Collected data
■ ■ ■ ■ ■
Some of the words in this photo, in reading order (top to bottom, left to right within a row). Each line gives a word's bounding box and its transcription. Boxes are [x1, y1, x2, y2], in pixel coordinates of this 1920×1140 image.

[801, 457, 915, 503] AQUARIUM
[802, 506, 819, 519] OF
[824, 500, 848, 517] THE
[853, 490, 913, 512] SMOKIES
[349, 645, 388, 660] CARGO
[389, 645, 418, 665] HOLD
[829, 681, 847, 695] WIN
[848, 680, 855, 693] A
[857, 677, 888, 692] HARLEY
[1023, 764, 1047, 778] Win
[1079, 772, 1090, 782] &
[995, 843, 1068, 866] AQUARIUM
■ ■ ■ ■ ■
* **Work required**:
Reproduce the whole of the records exactly, so that no line differs from the source above.

* **Solved exercise**:
Some of the words in this photo, in reading order (top to bottom, left to right within a row). Each line gives a word's bounding box and its transcription. Boxes are [x1, y1, x2, y2], in pixel coordinates of this 1920×1140 image.

[801, 457, 915, 503] AQUARIUM
[802, 506, 819, 519] OF
[824, 500, 848, 517] THE
[853, 490, 913, 512] SMOKIES
[349, 645, 388, 660] CARGO
[389, 645, 418, 665] HOLD
[829, 681, 847, 695] WIN
[848, 680, 855, 693] A
[857, 677, 888, 692] HARLEY
[1023, 764, 1047, 778] Win
[1079, 772, 1090, 782] &
[995, 843, 1068, 866] AQUARIUM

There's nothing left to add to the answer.